簡易檢索 / 詳目顯示

研究生: 洪麗玲
Li-ling Hung
論文名稱: 在多重電腦模式及電路模式的有效率平行前置演算法
Efficient Parallel Prefix Algorithms on the Multicomputer and Circuit Models
指導教授: 林彥君
Yen-Chun Lin
口試委員: 黃為德
none
蔡尚榮
none
王勝德
none
陳健輝
none
廖弘源
none
林順喜
none
鍾國亮
none
學位類別: 博士
Doctor
系所名稱: 電資學院 - 資訊工程系
Department of Computer Science and Information Engineering
論文出版年: 2008
畢業學年度: 96
語文別: 英文
論文頁數: 92
中文關鍵詞: 組合電路計算有效率的平行前置演算法成本最佳深度及節點數最佳訊息傳遞的多重電腦平行演算法前置問題與問題大小無關腰部及節點數最佳
外文關鍵詞: combinational circuit, computation-efficient parallel prefix, cost optimality, depth-size optimal, message-passing multicomputer, parallel algorithms, prefix problem, problem-size-independent, waist-size optimal
相關次數: 點閱:266下載:1
分享至:
查詢本校圖書館目錄 查詢臺灣博碩士論文知識加值系統 勘誤回報

前置運算是對n個輸入x1, x2,…, xn進行具結合性的二元運算♁計算求得n個前置值x1 ♁ x2 ♁…♁ xi, 1 ≤ i ≤ n。前置運算已被廣泛應用在很多領域,且被視為一種基本運算。本論文分別在多重電腦(multicomputer)模式及組合電路(combinational circuit)模式提出有效率的平行前置演算法。多重電腦使用分散式記憶體(distributed memory)架構,利用訊息傳遞(message passing)進行資料的交換,其執行時間包含計算時間及通訊時間。我們提出四群計算有效率的演算法。前兩群演算法乃改善既有之演算法,減少其執行時間;另外兩群則使用更強的通訊模式,分別縮短前兩群演算法的通訊時間。在論文中也提出可有效使用此四群演算法應有的先決條件。這些演算法提供使用者彈性,可視軟硬體設備等級來選擇適當演算法以達到最短的執行時間。
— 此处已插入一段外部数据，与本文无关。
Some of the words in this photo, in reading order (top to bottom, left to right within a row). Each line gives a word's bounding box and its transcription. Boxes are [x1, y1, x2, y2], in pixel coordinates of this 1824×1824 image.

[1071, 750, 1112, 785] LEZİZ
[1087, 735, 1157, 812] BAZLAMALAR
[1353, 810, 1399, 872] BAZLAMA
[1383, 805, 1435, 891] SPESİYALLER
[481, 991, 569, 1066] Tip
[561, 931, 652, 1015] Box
前置電路是組合電路的前置演算法。對任一寬度(即輸入埠個數)為m的前置電路A,其深度d(A)與運算節點數s(A)有d(A) + s(A) ≥ 2m – 2的關係。因此,若d(A) + s(A) = 2m – 2則稱A為深度及節點數最佳電路。較小的深度代表執行時間較快,運算節點數少代表所需的成本及消耗功率低。若前置電路A的腰部(waist)為w(A),則有w(A) + s(A) ≥ 2m – 2的關係。若w(A) + s(A) = 2m – 2且w(A) = 1,則稱A為WSO-1電路。另外,節點的扇出(fan-out)等於節點的出度(out degree),前置電路的扇出為電路中所有節點的最大扇出。由於節點的扇出愈大,除了功率損耗愈大外,所需要的積體電路面積愈大,也會使輸出的速度變慢。因此,實用上,前置電路的扇出要愈小愈好。本論文所提出的前置電路扇出均為2。
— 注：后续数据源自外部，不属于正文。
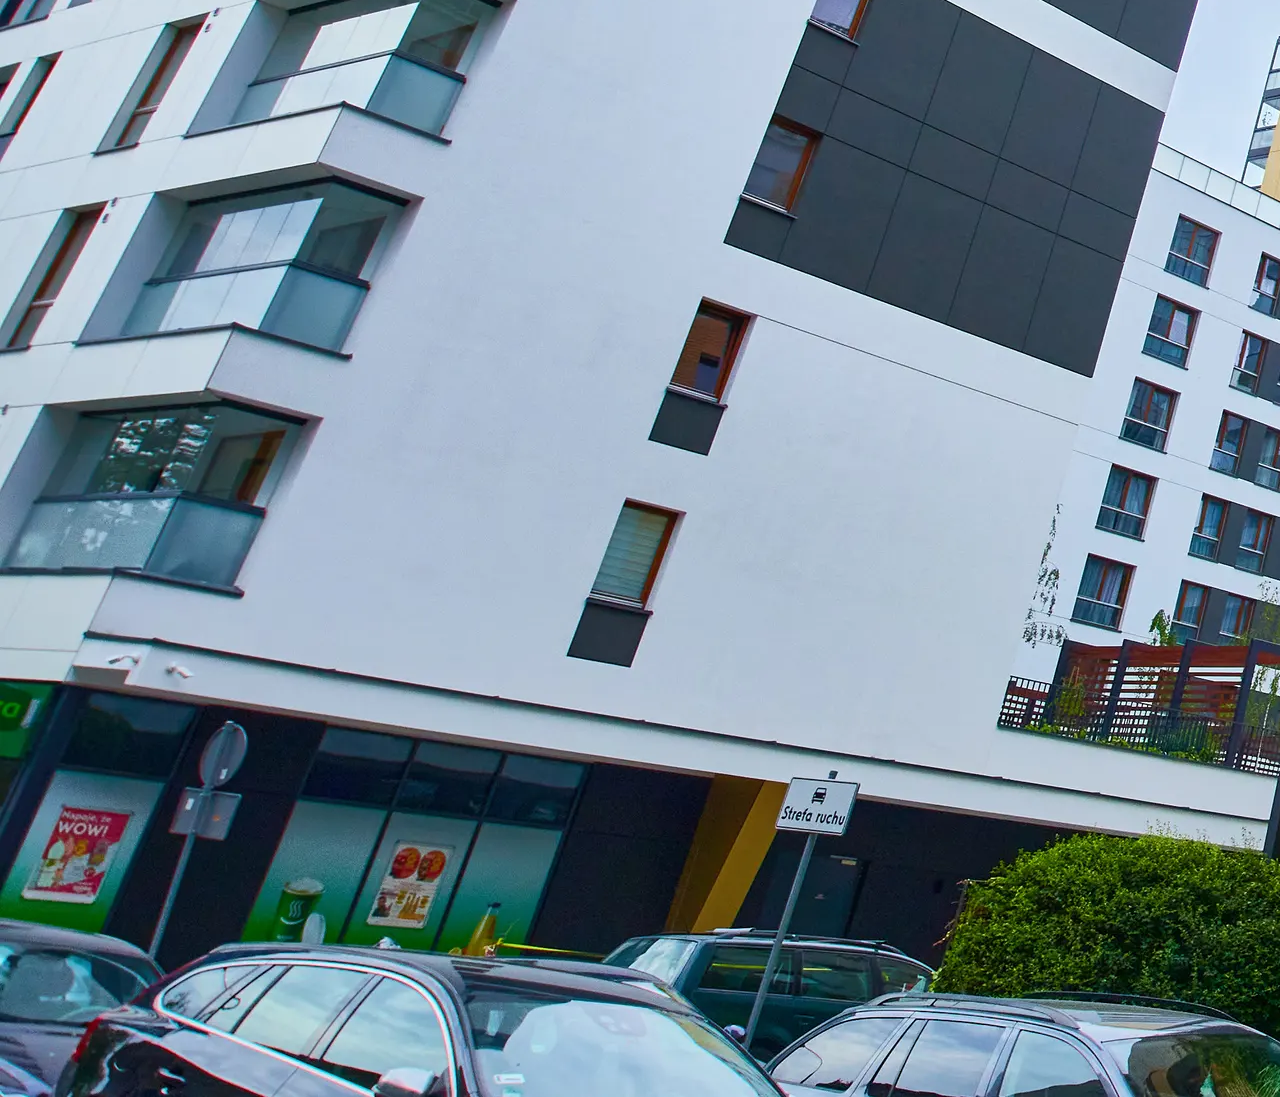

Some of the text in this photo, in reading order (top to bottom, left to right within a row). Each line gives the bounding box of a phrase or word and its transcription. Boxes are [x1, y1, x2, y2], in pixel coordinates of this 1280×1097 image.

本論文提出一群WSO-1平行前置電路,這群電路不但可以組成深度小的深度及節點數最佳電路,也是在輸入資料個數大於電路寬度時較快的電路。這群電路與其他的電路比較,當輸入個數比電路寬度大越多時,速度越快。而且,當輸入資料個數大於或等於電路寬度2倍時,這群新電路比所有電路都要快。本論文也建構一群深度及節點數最佳電路;與另外兩群深度及節點數最佳電路的建造方法相較,我們建造新電路的方法是最直接且最適合自動化。電路結構平衡也是新電路的一個優勢。
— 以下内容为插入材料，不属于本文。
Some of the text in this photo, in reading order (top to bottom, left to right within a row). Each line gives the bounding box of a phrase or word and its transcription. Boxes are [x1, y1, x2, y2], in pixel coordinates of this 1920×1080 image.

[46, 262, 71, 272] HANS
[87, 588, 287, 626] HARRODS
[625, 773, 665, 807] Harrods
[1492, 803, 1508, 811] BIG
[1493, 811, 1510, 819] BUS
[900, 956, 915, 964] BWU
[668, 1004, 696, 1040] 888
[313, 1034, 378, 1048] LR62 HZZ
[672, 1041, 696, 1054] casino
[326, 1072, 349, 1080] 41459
Given n inputs x1, x2,…, xn and an associative binary operator ♁, the prefix problem, or prefix computation, is to compute yi = x1 ♁ x2 ♁…♁ xi, for 1 ≤ i ≤ n. Prefix computation is used in various areas and is considered as a primitive operation. This thesis presents efficient algorithms for both multicomputer and combinational circuit models. Four families of computation-efficient parallel prefix algorithms for the multicomputer are given. The first two families generalize previous algorithms that use only half-duplex communications, and can improve the running time. The third and fourth families adopt collective communication operations to improve the communication time of the first two, respectively. The precondition of all the presented algorithms is also derived. The families of algorithms each provide the flexibility of choosing either less computation time or less communication time to achieve the minimal running time depending on the ratio of the time required by a communication step to the time required by a computation step.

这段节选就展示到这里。